Objectives  The primary objective was to compare in-hospital outcomes of CDT plus anticoagulation with those of anticoagulation alone. The secondary objective was to evaluate the temporal trends in the utilization and outcomes of CDT in the treatment of proximal DVT.

Design, Setting, and Participants  Observational study of patients with a principal discharge diagnosis of proximal or caval DVT from 2005 to 2010 in the Nationwide Inpatient Sample (NIS) database. We compared patients treated with CDT plus anticoagulation with the patients treated with anticoagulation alone. We used propensity scores to construct 2 matched groups of 3594 patients in each group for comparative outcomes analysis.
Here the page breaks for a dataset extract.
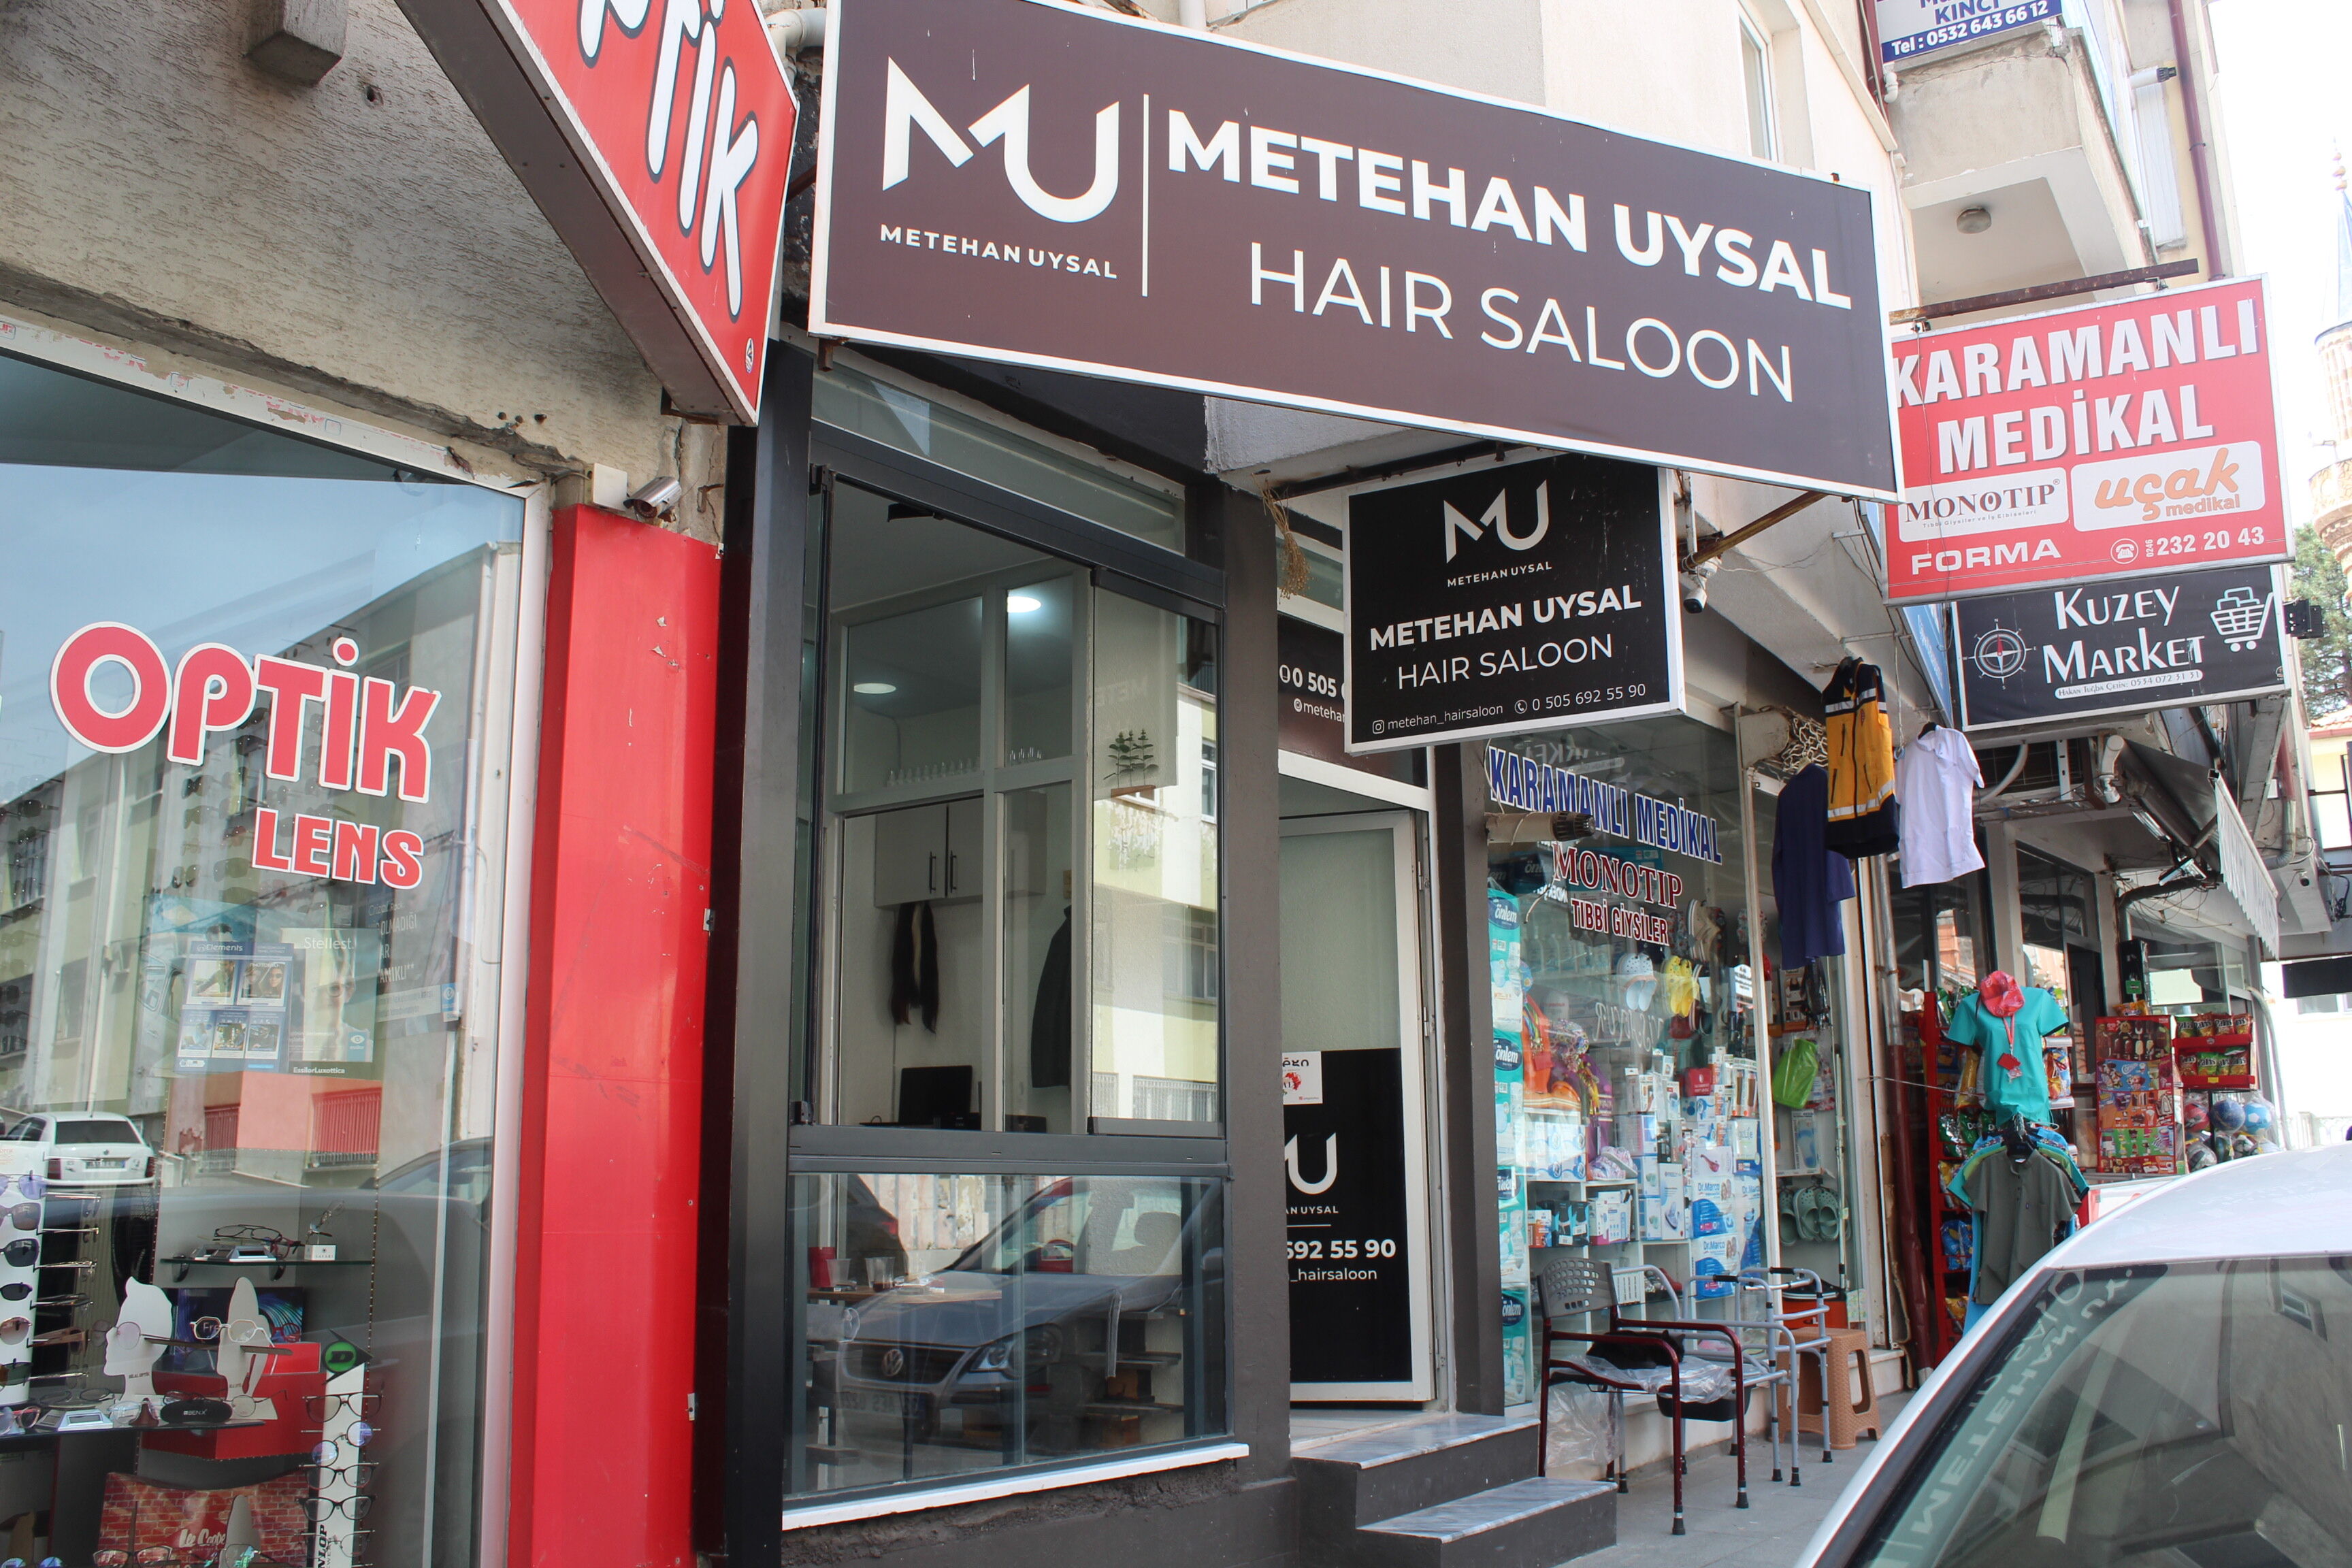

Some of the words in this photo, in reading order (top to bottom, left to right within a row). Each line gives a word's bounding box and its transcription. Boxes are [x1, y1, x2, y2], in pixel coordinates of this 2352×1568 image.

Main Outcomes and Measures  The primary study outcome was in-hospital mortality. The secondary outcomes included bleeding complications, length of stay, and hospital charges.

Results  Among a total of 90 618 patients hospitalized for DVT (national estimate of 449 200 hospitalizations), 3649 (4.1%) underwent CDT. The CDT utilization rates increased from 2.3% in 2005 to 5.9% in 2010. Based on the propensity-matched comparison, the in-hospital mortality was not significantly different between the CDT and the anticoagulation groups (1.2% vs 0.9%) (OR, 1.40 [95% CI, 0.88-2.25]) (P = .15). The rates of blood transfusion (11.1% vs 6.5%) (OR, 1.85 [95% CI, 1.57-2.20]) (P < .001), pulmonary embolism (17.9% vs 11.4%) (OR, 1.69 [95% CI, 1.49-1.94]) (P < .001), intracranial hemorrhage (0.9% vs 0.3%) (OR, 2.72 [95% CI, 1.40-5.30]) (P = .03), and vena cava filter placement (34.8% vs 15.6%) (OR, 2.89 [95% CI, 2.58-3.23]) (P < .001) were significantly higher in the CDT group. The CDT group had longer mean (SD) length of stay (7.2 [5.8] vs 5.0 [4.7] days) (OR, 2.27 [95% CI, 1.49-1.94]) (P < .001) and higher hospital charges ($85 094 [$69 121] vs $28 164 [$42 067]) (P < .001) compared with the anticoagulation group.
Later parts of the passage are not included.